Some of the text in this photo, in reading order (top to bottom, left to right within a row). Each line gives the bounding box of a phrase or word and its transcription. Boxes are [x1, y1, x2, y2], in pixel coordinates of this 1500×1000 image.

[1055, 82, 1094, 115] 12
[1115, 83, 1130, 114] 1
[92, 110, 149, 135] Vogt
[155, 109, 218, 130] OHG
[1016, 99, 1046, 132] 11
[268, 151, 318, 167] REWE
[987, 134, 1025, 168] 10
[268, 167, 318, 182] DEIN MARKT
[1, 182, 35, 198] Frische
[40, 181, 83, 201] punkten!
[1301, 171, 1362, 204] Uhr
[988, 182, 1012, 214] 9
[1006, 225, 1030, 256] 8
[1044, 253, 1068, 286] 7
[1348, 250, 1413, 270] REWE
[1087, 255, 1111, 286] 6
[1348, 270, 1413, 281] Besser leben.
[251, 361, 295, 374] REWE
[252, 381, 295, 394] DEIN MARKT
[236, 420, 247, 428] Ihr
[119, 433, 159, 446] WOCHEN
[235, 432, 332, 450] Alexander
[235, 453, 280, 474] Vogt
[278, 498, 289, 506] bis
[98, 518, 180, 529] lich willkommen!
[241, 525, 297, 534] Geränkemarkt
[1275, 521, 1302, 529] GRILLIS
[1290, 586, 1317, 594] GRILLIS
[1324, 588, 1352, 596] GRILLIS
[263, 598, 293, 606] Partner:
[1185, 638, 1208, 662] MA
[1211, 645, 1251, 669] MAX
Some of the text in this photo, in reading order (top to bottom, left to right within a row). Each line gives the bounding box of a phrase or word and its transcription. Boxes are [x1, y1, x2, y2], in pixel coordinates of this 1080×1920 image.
━━━
**Task directions**
The answer should be the entries, given again without a single difference.

**Response below**
Some of the text in this photo, in reading order (top to bottom, left to right within a row). Each line gives the bounding box of a phrase or word and its transcription. Boxes are [x1, y1, x2, y2], in pixel coordinates of this 1500×1000 image.

[1055, 82, 1094, 115] 12
[1115, 83, 1130, 114] 1
[92, 110, 149, 135] Vogt
[155, 109, 218, 130] OHG
[1016, 99, 1046, 132] 11
[268, 151, 318, 167] REWE
[987, 134, 1025, 168] 10
[268, 167, 318, 182] DEIN MARKT
[1, 182, 35, 198] Frische
[40, 181, 83, 201] punkten!
[1301, 171, 1362, 204] Uhr
[988, 182, 1012, 214] 9
[1006, 225, 1030, 256] 8
[1044, 253, 1068, 286] 7
[1348, 250, 1413, 270] REWE
[1087, 255, 1111, 286] 6
[1348, 270, 1413, 281] Besser leben.
[251, 361, 295, 374] REWE
[252, 381, 295, 394] DEIN MARKT
[236, 420, 247, 428] Ihr
[119, 433, 159, 446] WOCHEN
[235, 432, 332, 450] Alexander
[235, 453, 280, 474] Vogt
[278, 498, 289, 506] bis
[98, 518, 180, 529] lich willkommen!
[241, 525, 297, 534] Geränkemarkt
[1275, 521, 1302, 529] GRILLIS
[1290, 586, 1317, 594] GRILLIS
[1324, 588, 1352, 596] GRILLIS
[263, 598, 293, 606] Partner:
[1185, 638, 1208, 662] MA
[1211, 645, 1251, 669] MAX
Some of the text in this photo, in reading order (top to bottom, left to right within a row). Each line gives the bounding box of a phrase or word and its transcription. Boxes are [x1, y1, x2, y2], in pixel coordinates of this 1080×1920 image.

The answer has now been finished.